また医師不足の解消策として期待されているのは、診療看護師へのタスクシフトです。これは、医師が行う一部の業務を、適切に訓練された看護師が代行することで、医師の負担軽減と効率的な医療提供を促進するものです。
ーAIやロボット手術の導入
AIやロボティクスの進化により、医療の分野でも革新的な取り組みが行われています。AI、ロボット手術により、低侵襲手術の精度が向上し、患者の負担が軽減されます。また、遠隔地にいる専門家が手術をサポートすることで、地域医療の向上にも寄与します。
ー多様性の推進
女性医師の活躍は、医療現場における多様性の重要性を再認識させました。多様なバックグラウンドや経験を持つ医師が活躍することで、患者とのコミュニケーションがより円滑になり、患者のニーズに合った適切な治療法を提供できる可能性が高まりました。また、多様性を認める医師がリーダーシップを発揮し、組織内の意思決定に多様な視点を取り入れることで、医療の質も向上します。女性医師の増加により、性別や文化の違いに対する理解が深まり、患者のニーズにより適切な治療法を提供することが可能になります。
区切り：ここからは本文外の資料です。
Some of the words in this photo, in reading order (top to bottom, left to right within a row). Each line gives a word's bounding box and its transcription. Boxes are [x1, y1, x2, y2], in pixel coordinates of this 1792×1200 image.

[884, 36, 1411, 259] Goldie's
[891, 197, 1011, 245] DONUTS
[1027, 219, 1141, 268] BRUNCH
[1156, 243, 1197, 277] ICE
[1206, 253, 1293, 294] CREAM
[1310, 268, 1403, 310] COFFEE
医療現場における多様性の推進は、医療の質の向上とともに、医師の職業満足度や労働環境の改善にも寄与するでしょう。
ー少子化と超高齢化時代への対応
医療業界は少子化と超高齢化社会に直面しており、新しいアプローチが求められています。女性医師は、ワークライフバランスを考えながらも、高齢者向けの専門医療や在宅医療の拡充に取り組んでいます。地域と連携したネットワークの構築や予防医療の強化を進めることで、高齢化に伴う医療ニーズに対応することが重要です。女性医師のこの領域への取り組みにより、地域医療が強化され、高齢者の健康寿命が延伸されることが期待されています。
女性医師が導く医療革新は、働き方改革が追い風となり、AIやさらにIT導入で医療業界に新たな風を吹き込んでいます。これにより、より持続可能な医療システムの構築と、質の高い医療の提供が期待できます。少子化と超高齢化時代を迎える中、女性医師が果たす役割はますます重要となり、社会全体の健康と福祉に寄与していくでしょう。
さらに、女性医師がリーダーシップを発揮することは、医療組織全体の推進化を促進させます。女性は一般的にコミュニケーション能力や協調性に優れているとされています。これらの特性を生かし、医療現場におけるチーム医療の推進や患者中心のアプローチの強化が進みます。また、海外では一般的である女性リーダーが増えることで、組織内の意思決定においても多様な視点が取り入れられ、より包括的かつ効果的な政策が策定されるでしょう。何でもありのわれわれ研修医時代からみれば、今では規律が仕事への創造性を阻む可能性もある時代のようにも思います。しかしわれわれのゴールはひとつ、いかに患者様の心と病を治すかの一言でしょうか。このためには国境もなければ、むしろ国境に強固な橋をかけ世界がひとつになり立ち向かうべきことのように思います。
総括すれば、女性医師が導く医療革新は、高齢者の健康寿命の延伸含め支える貢献に相してよいものと思われる超高齢化時代への対応、医療業界に新たな風を吹き込み、女性医師の専門性とリーダーシップを生かし、より持続可能で包括的な医療システムの構築に向けて、今後も積極的な取り組みが期待されます。
加藤 庸子 かとう・ようこ
1978 年愛知医科大学卒業。2006年藤田保健衛生大学医学部で日本初の脳神経外科の女性教授、2012年日本脳神経外科学会で初の女性理事に、日本脳神経外科女医会を発足。2014年、藤田保健衛生大学坂文種報徳會病院、2016年より現職。公益財団法人加藤庸子国際基金 代表理事。「ゴッドマザー」と呼ばれ、3千例超の手術件数は女性外科医として世界一である。「ドクターの肖像」2013年10月号に登場。
※ドクターズマガジン2023年11号に掲載するためにご執筆いただいたものです。